◆ **Activity**
Print the records below exactly, omitting all pictures.

[Saved data entries]
::::
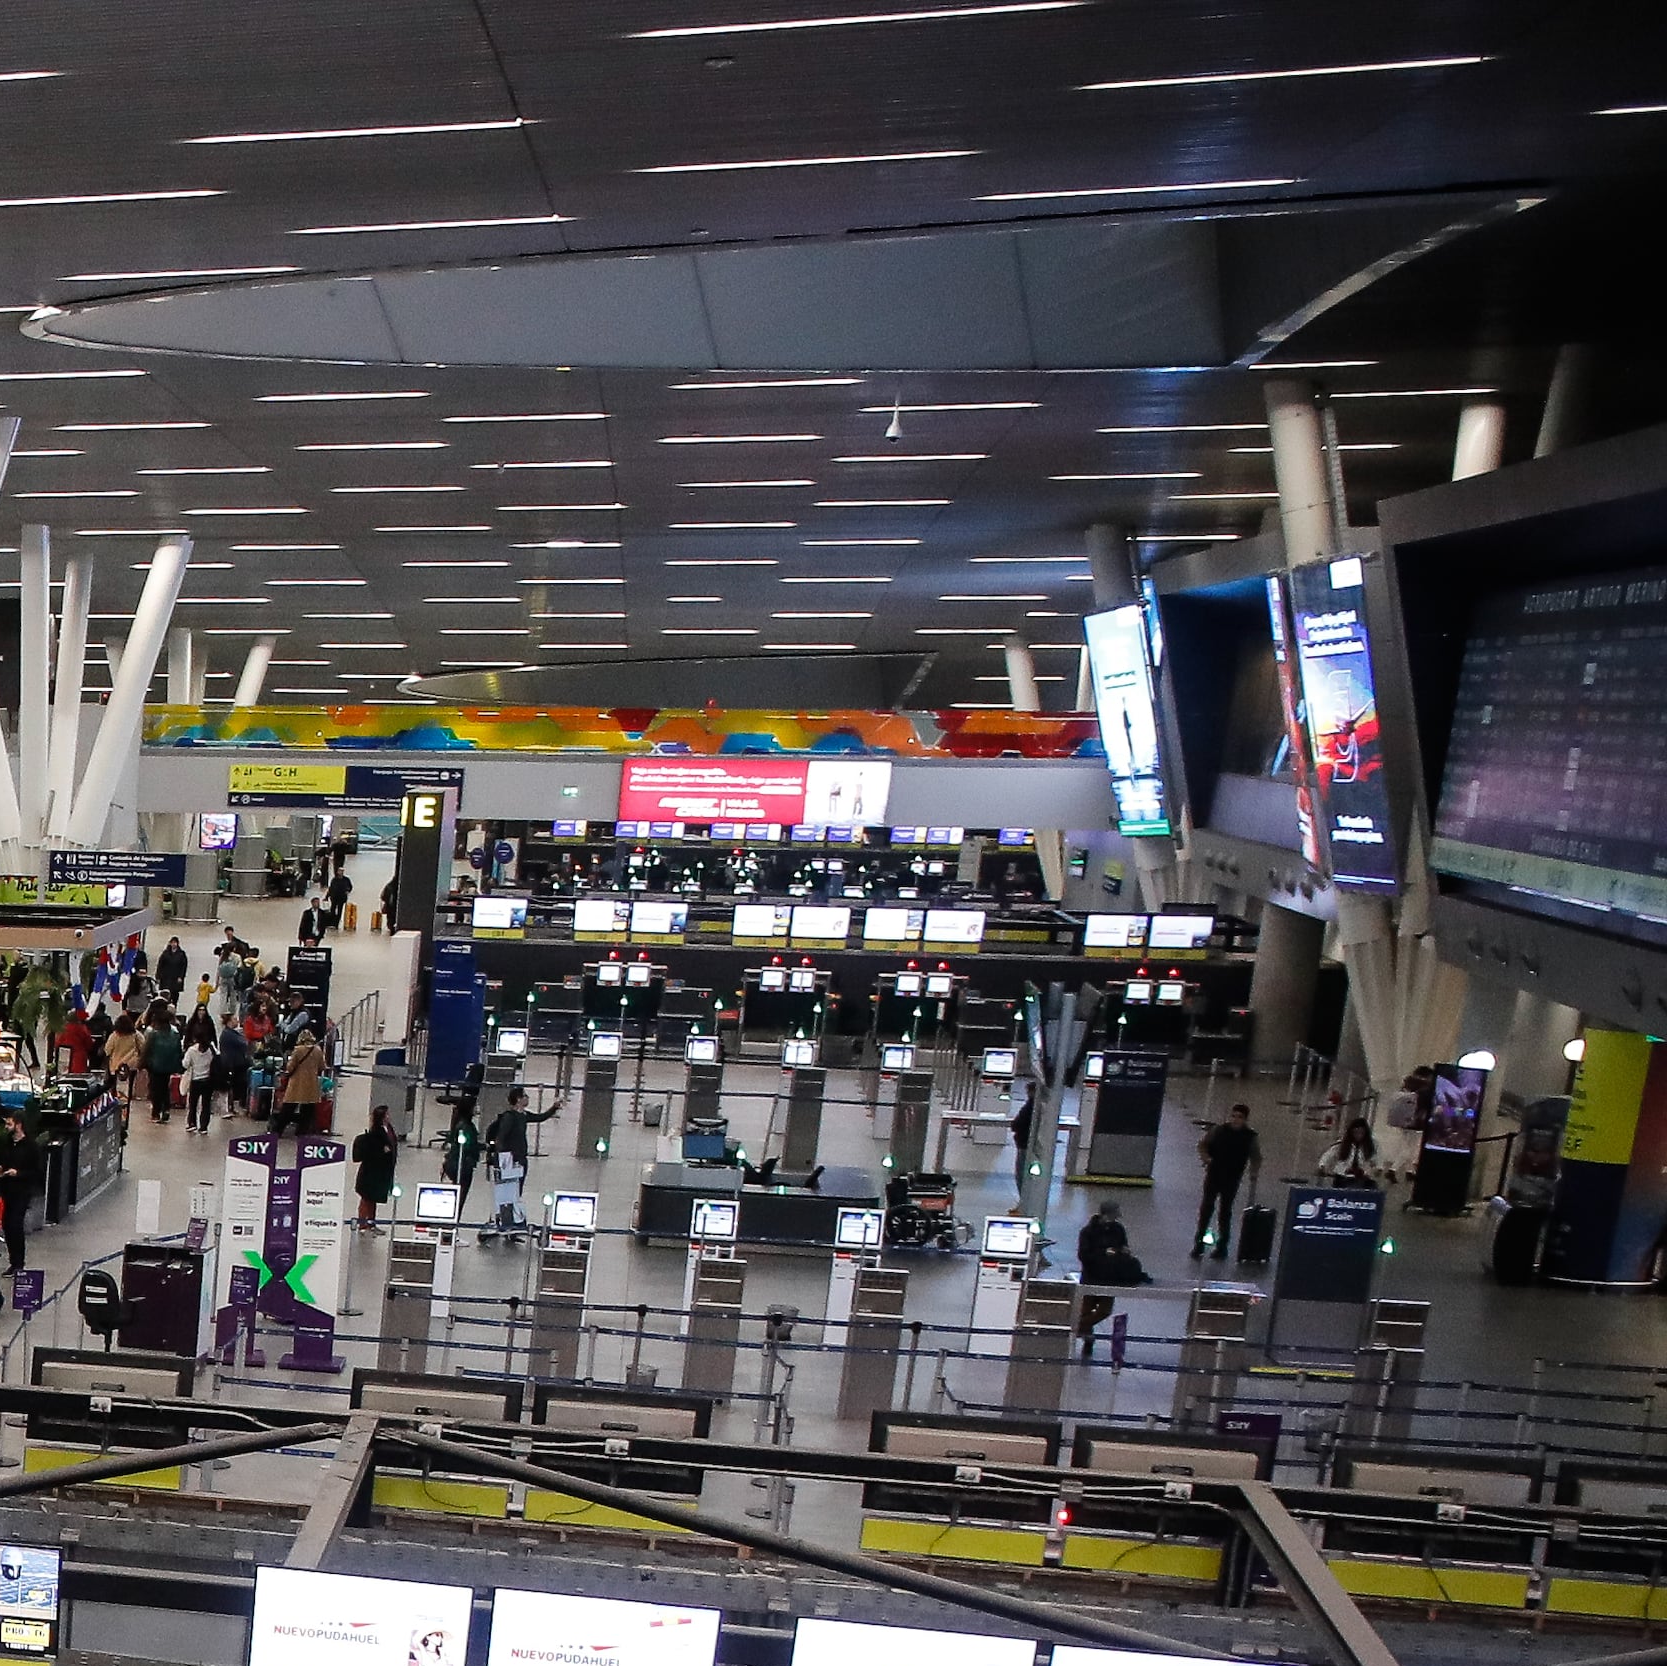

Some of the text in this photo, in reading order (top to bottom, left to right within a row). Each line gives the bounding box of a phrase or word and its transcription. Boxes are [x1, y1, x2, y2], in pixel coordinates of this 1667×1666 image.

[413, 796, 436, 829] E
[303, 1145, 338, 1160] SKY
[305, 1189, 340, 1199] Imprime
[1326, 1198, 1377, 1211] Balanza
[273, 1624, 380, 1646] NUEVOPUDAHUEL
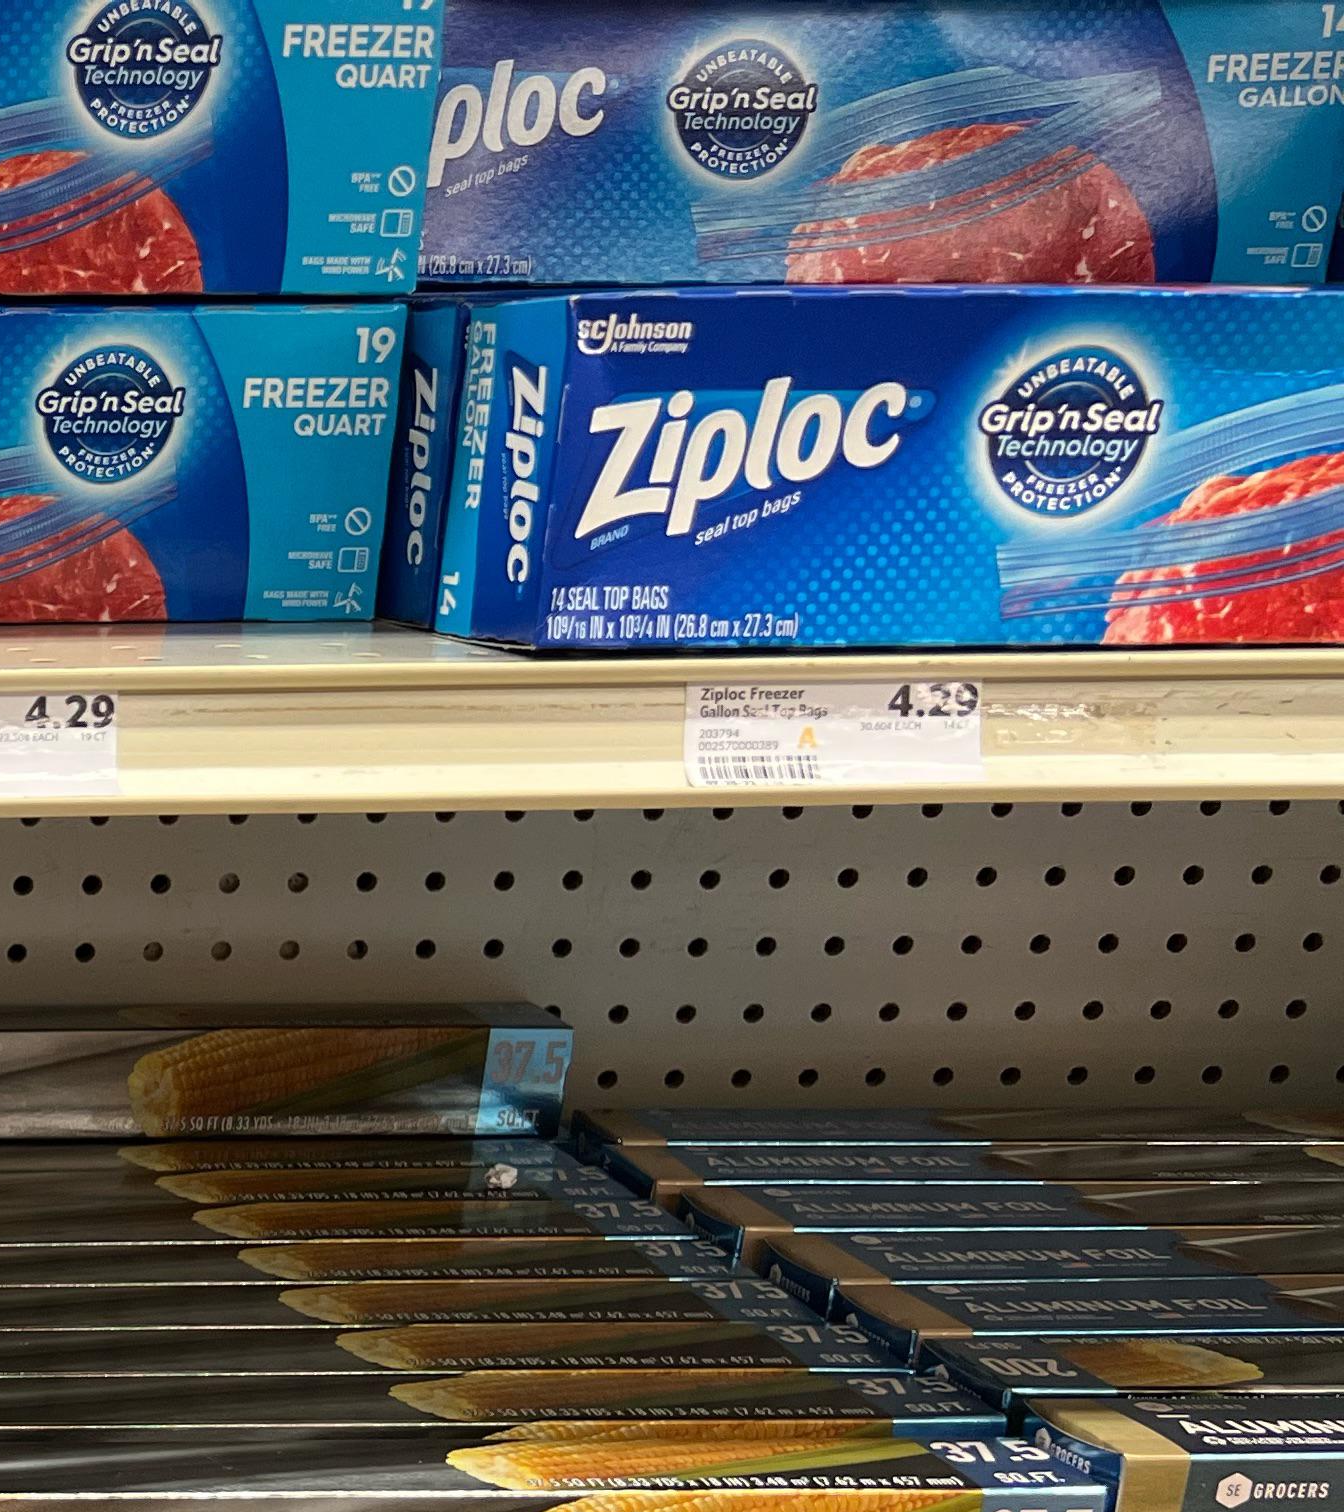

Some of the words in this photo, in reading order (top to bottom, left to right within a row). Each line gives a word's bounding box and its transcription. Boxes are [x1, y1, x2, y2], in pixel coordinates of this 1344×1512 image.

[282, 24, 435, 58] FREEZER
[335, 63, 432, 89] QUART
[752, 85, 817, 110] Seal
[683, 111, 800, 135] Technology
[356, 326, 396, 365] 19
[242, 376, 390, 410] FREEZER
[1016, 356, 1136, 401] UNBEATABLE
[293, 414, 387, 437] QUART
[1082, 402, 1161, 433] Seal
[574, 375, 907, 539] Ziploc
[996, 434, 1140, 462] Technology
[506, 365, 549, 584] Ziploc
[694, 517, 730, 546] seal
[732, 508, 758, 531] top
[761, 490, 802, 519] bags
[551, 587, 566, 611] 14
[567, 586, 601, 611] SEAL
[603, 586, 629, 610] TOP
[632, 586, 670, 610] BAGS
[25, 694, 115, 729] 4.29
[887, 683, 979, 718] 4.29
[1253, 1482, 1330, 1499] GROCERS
::::
◆ **Completed exercise**
Some of the text in this photo, in reading order (top to bottom, left to right within a row). Each line gives the bounding box of a phrase or word and its transcription. Boxes are [x1, y1, x2, y2], in pixel coordinates of this 1667×1666 image.

[413, 796, 436, 829] E
[303, 1145, 338, 1160] SKY
[305, 1189, 340, 1199] Imprime
[1326, 1198, 1377, 1211] Balanza
[273, 1624, 380, 1646] NUEVOPUDAHUEL

Some of the words in this photo, in reading order (top to bottom, left to right within a row). Each line gives a word's bounding box and its transcription. Boxes are [x1, y1, x2, y2], in pixel coordinates of this 1344×1512 image.

[282, 24, 435, 58] FREEZER
[335, 63, 432, 89] QUART
[752, 85, 817, 110] Seal
[683, 111, 800, 135] Technology
[356, 326, 396, 365] 19
[242, 376, 390, 410] FREEZER
[1016, 356, 1136, 401] UNBEATABLE
[293, 414, 387, 437] QUART
[1082, 402, 1161, 433] Seal
[574, 375, 907, 539] Ziploc
[996, 434, 1140, 462] Technology
[506, 365, 549, 584] Ziploc
[694, 517, 730, 546] seal
[732, 508, 758, 531] top
[761, 490, 802, 519] bags
[551, 587, 566, 611] 14
[567, 586, 601, 611] SEAL
[603, 586, 629, 610] TOP
[632, 586, 670, 610] BAGS
[25, 694, 115, 729] 4.29
[887, 683, 979, 718] 4.29
[1253, 1482, 1330, 1499] GROCERS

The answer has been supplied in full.